Could you repeat every record below exactly, leaving out the pictures?

╔══

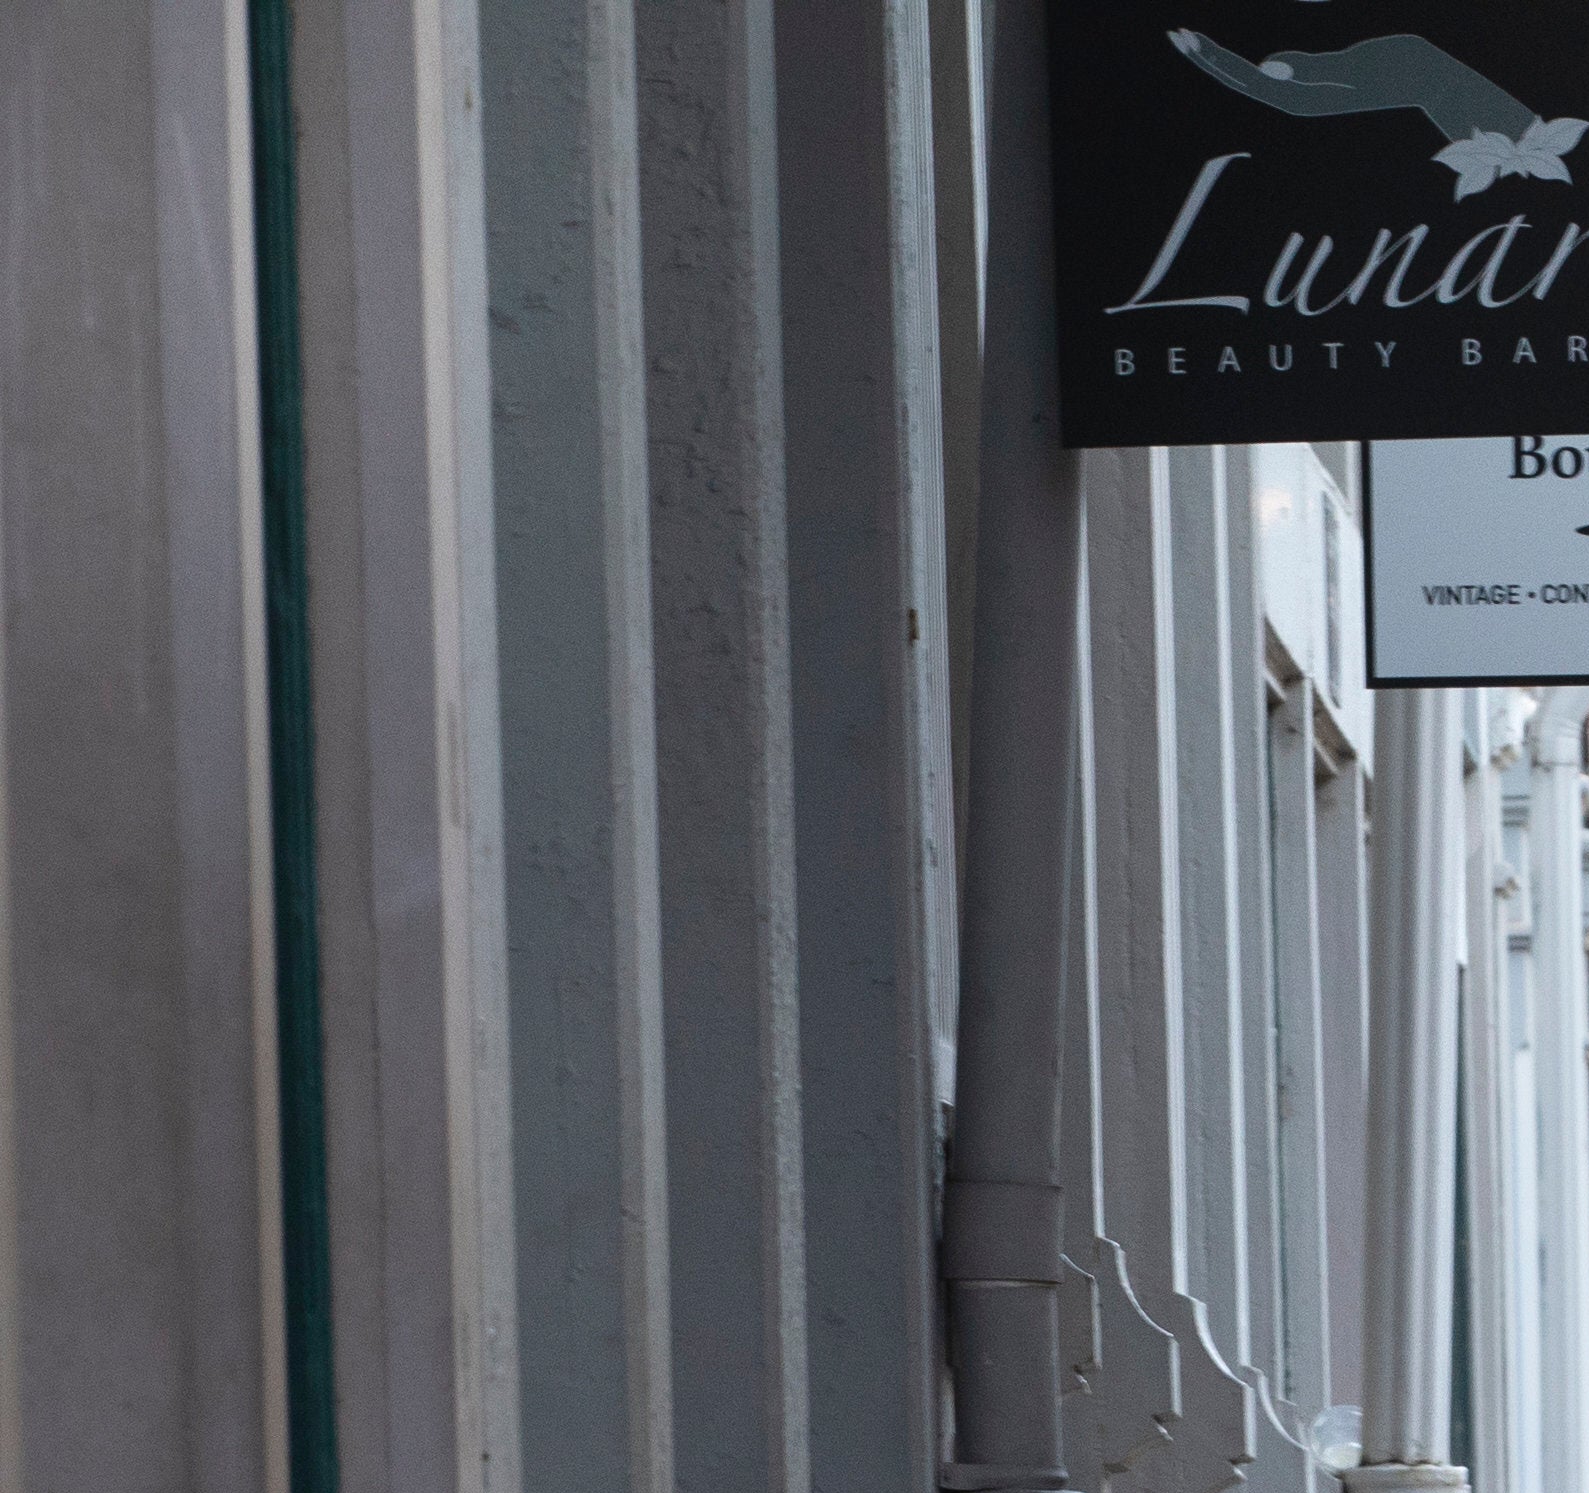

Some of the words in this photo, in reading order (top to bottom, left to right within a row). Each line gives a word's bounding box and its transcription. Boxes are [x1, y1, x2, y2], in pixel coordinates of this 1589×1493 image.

[1114, 341, 1398, 378] BEAUTY
[1462, 335, 1589, 367] BAR
[1421, 584, 1522, 607] VINTAGE
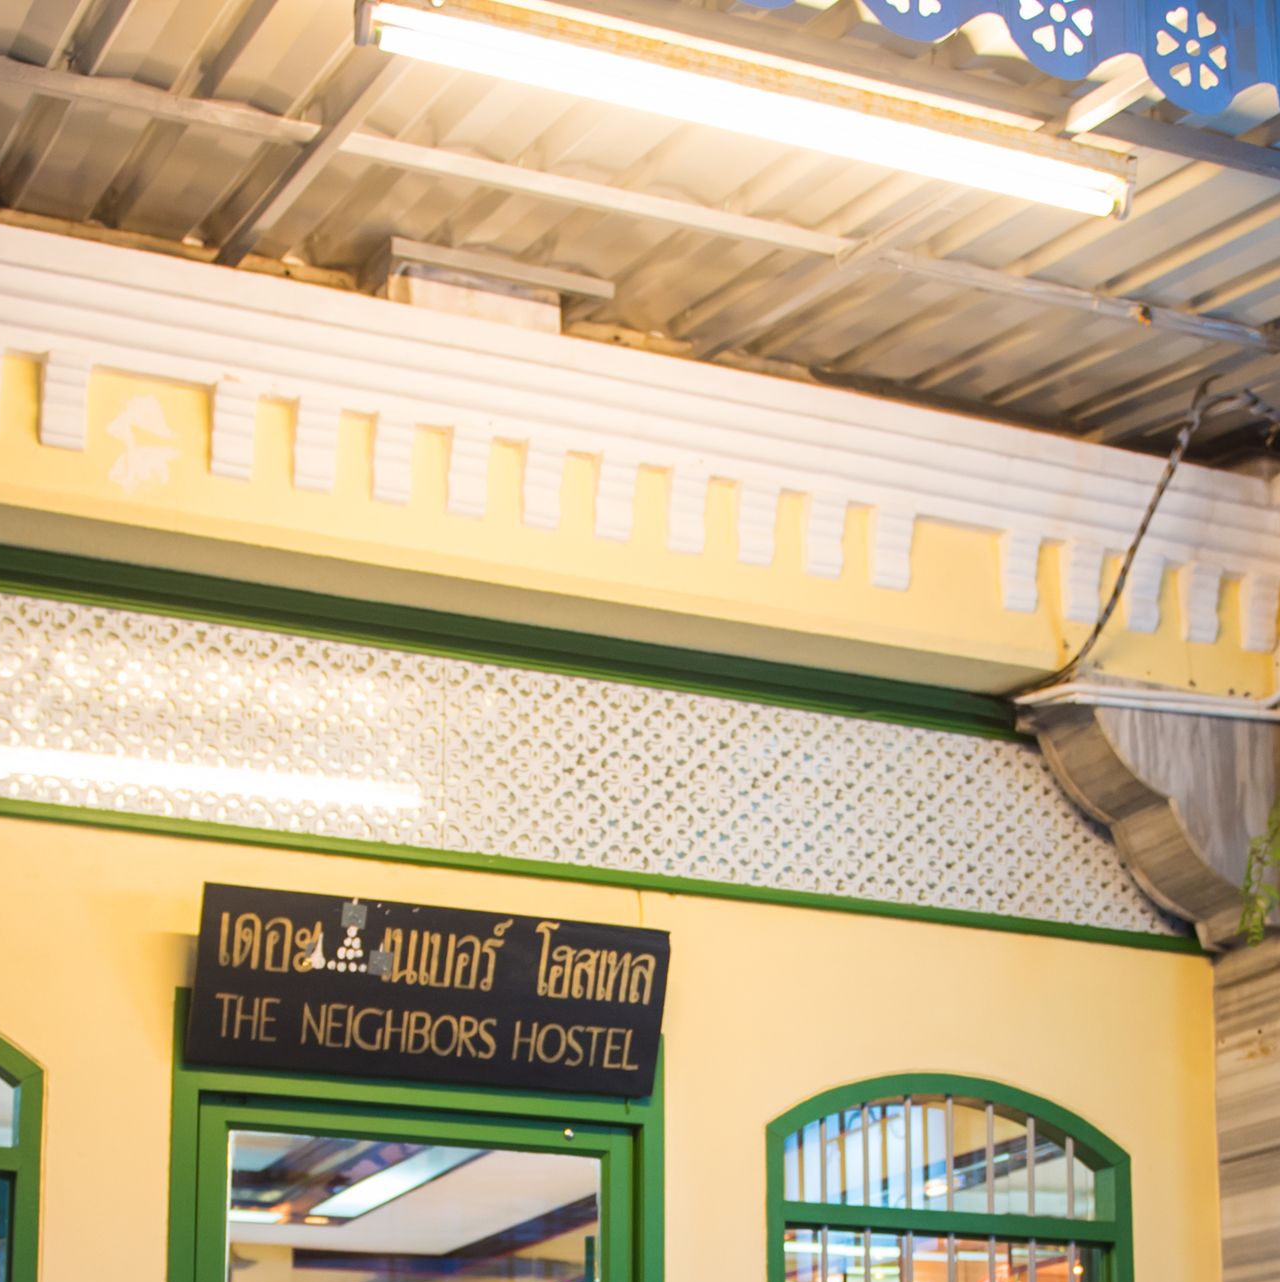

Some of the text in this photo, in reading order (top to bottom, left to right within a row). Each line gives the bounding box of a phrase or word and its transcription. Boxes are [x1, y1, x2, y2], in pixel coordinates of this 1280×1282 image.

[216, 993, 639, 1071] THE NEIGHBORS HOSTEL
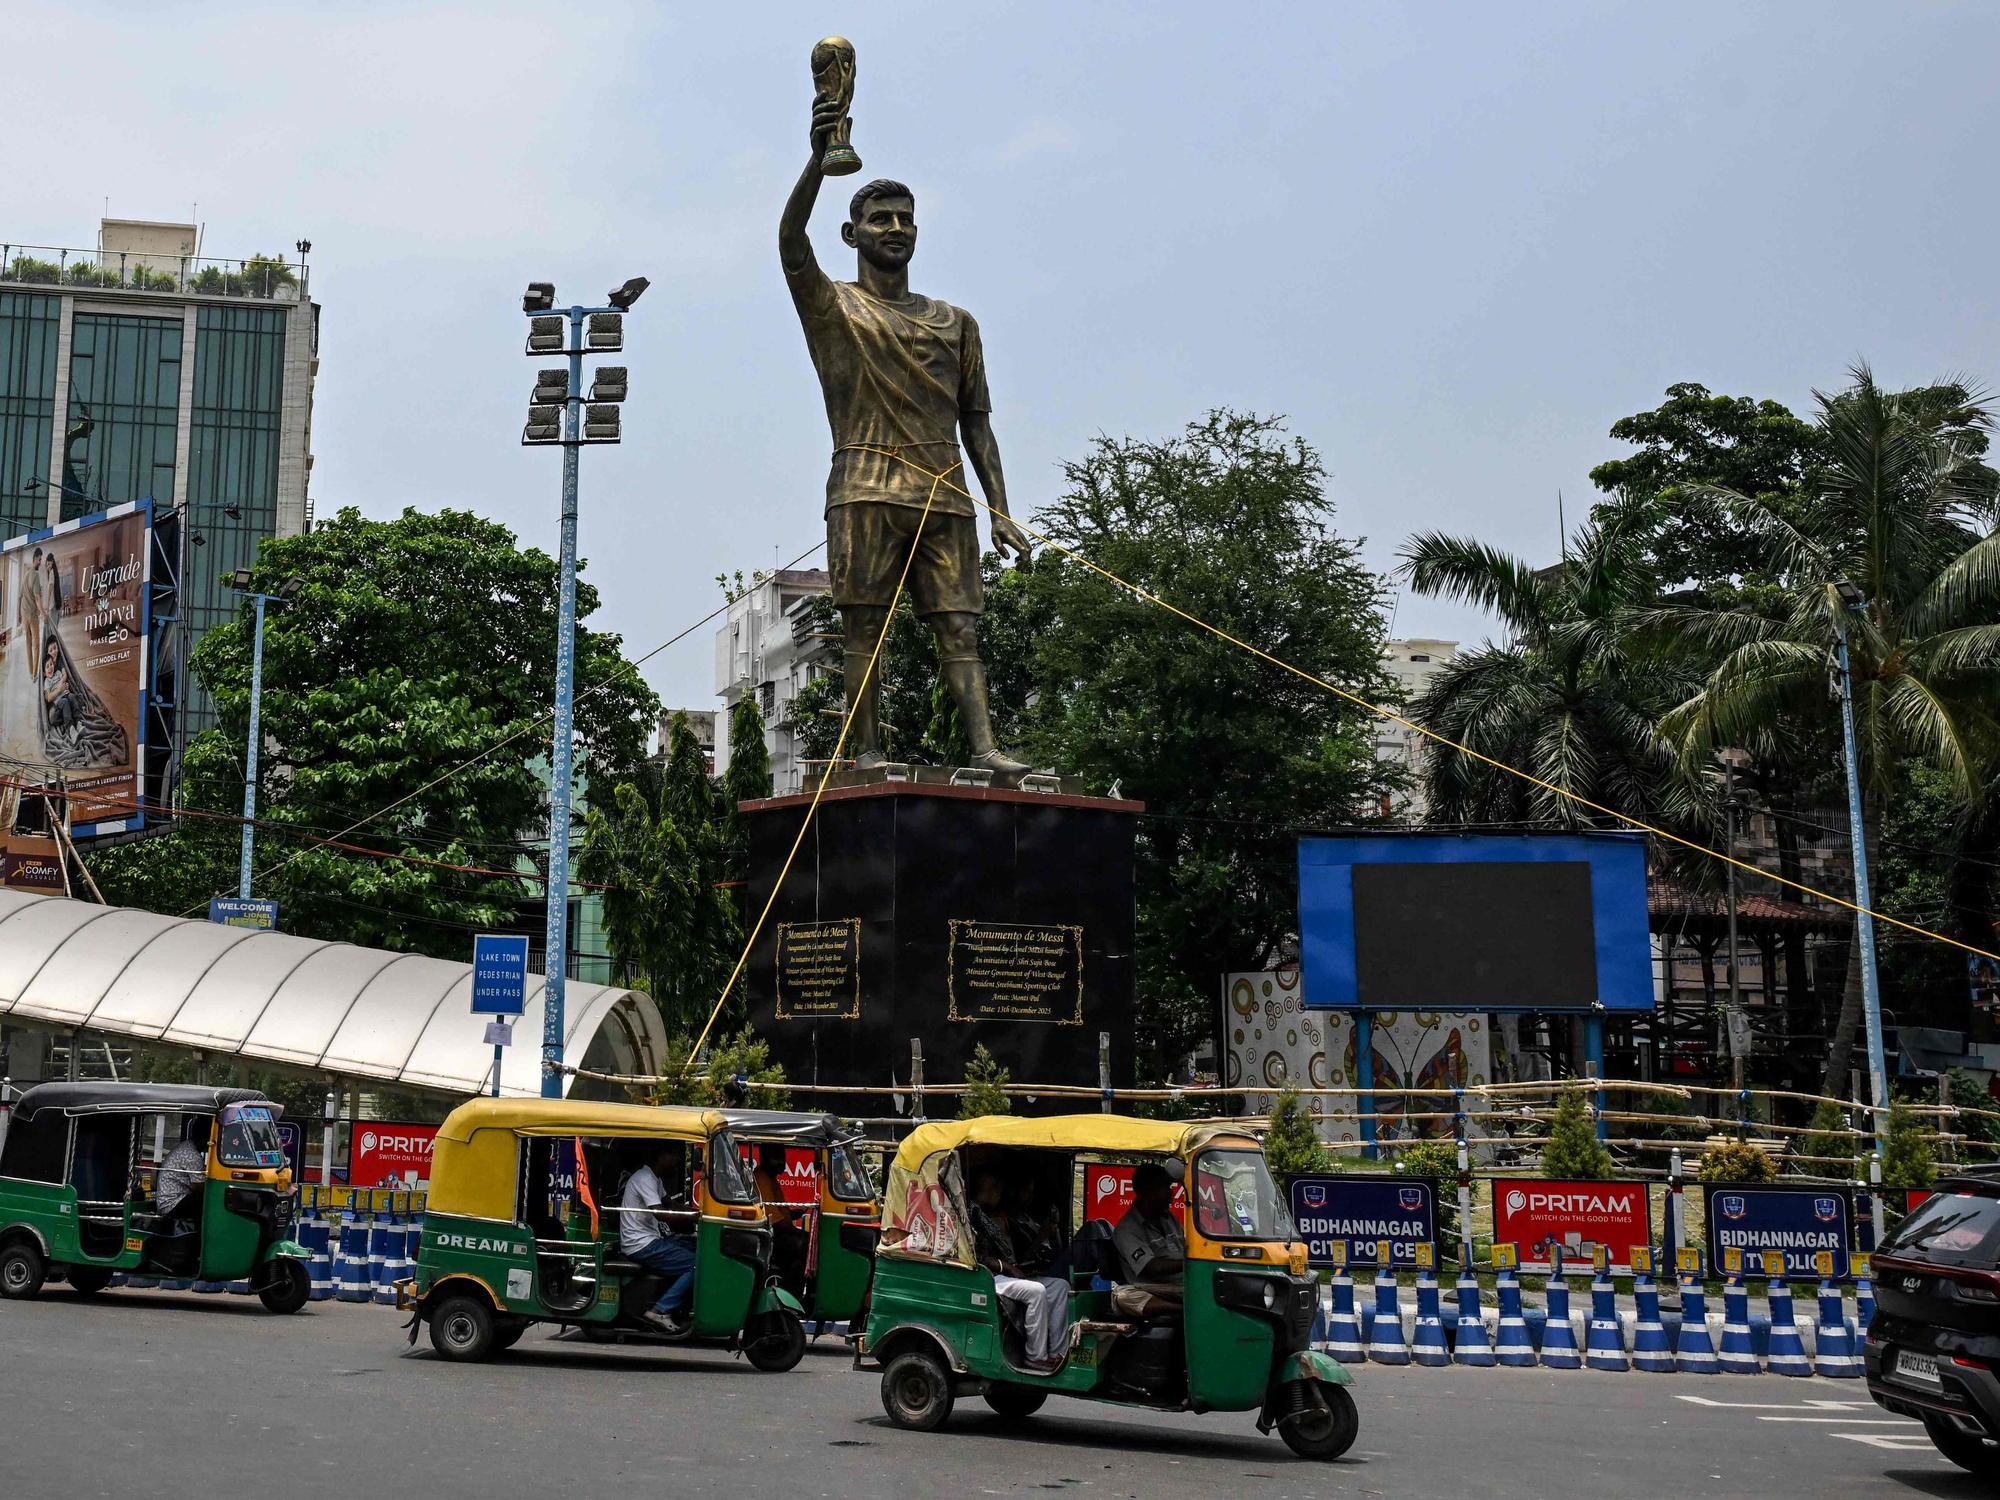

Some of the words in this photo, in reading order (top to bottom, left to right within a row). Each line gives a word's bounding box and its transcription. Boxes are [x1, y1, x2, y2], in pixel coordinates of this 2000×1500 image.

[81, 554, 140, 600] Upgrade
[90, 636, 108, 647] PHASE
[100, 653, 117, 665] MODEL
[118, 650, 130, 660] FLAT
[118, 774, 133, 782] FINISH
[25, 866, 58, 875] COMFY
[217, 902, 272, 912] WELCOME
[830, 926, 848, 937] Messi
[966, 928, 1022, 941] Monumento
[1024, 930, 1034, 940] de
[1037, 932, 1064, 942] Messi
[481, 954, 499, 962] LAKE
[502, 954, 520, 962] TOWN
[1009, 957, 1015, 966] of
[478, 970, 520, 980] PEDESTRIAN
[991, 968, 1023, 977] Government
[1024, 970, 1030, 979] of
[1047, 971, 1066, 980] Bengal
[477, 988, 500, 997] UNDER
[503, 989, 520, 997] PASS
[1024, 982, 1047, 991] Sporting
[380, 1135, 435, 1153] PRITA
[1530, 1194, 1631, 1213] PRITAM
[1300, 1218, 1424, 1236] BIDHANNAGAR
[437, 1234, 508, 1252] DREAM
[1720, 1230, 1839, 1248] BIDHANNAGAR
[1310, 1240, 1333, 1255] CIT
[1355, 1241, 1416, 1258] POCE
[1746, 1254, 1763, 1268] TY
[1788, 1254, 1818, 1270] OLIC
[1901, 1354, 1938, 1376] WB02AS362

╚══

## [Answer below]
Some of the words in this photo, in reading order (top to bottom, left to right within a row). Each line gives a word's bounding box and its transcription. Boxes are [x1, y1, x2, y2], in pixel coordinates of this 1589×1493 image.

[1114, 341, 1398, 378] BEAUTY
[1462, 335, 1589, 367] BAR
[1421, 584, 1522, 607] VINTAGE

Some of the text in this photo, in reading order (top to bottom, left to right within a row). Each line gives the bounding box of a phrase or word and its transcription. Boxes are [x1, y1, x2, y2], in pixel coordinates of this 1280×1282 image.

[216, 993, 639, 1071] THE NEIGHBORS HOSTEL

Some of the words in this photo, in reading order (top to bottom, left to right within a row). Each line gives a word's bounding box and its transcription. Boxes are [x1, y1, x2, y2], in pixel coordinates of this 2000×1500 image.

[81, 554, 140, 600] Upgrade
[90, 636, 108, 647] PHASE
[100, 653, 117, 665] MODEL
[118, 650, 130, 660] FLAT
[118, 774, 133, 782] FINISH
[25, 866, 58, 875] COMFY
[217, 902, 272, 912] WELCOME
[830, 926, 848, 937] Messi
[966, 928, 1022, 941] Monumento
[1024, 930, 1034, 940] de
[1037, 932, 1064, 942] Messi
[481, 954, 499, 962] LAKE
[502, 954, 520, 962] TOWN
[1009, 957, 1015, 966] of
[478, 970, 520, 980] PEDESTRIAN
[991, 968, 1023, 977] Government
[1024, 970, 1030, 979] of
[1047, 971, 1066, 980] Bengal
[477, 988, 500, 997] UNDER
[503, 989, 520, 997] PASS
[1024, 982, 1047, 991] Sporting
[380, 1135, 435, 1153] PRITA
[1530, 1194, 1631, 1213] PRITAM
[1300, 1218, 1424, 1236] BIDHANNAGAR
[437, 1234, 508, 1252] DREAM
[1720, 1230, 1839, 1248] BIDHANNAGAR
[1310, 1240, 1333, 1255] CIT
[1355, 1241, 1416, 1258] POCE
[1746, 1254, 1763, 1268] TY
[1788, 1254, 1818, 1270] OLIC
[1901, 1354, 1938, 1376] WB02AS362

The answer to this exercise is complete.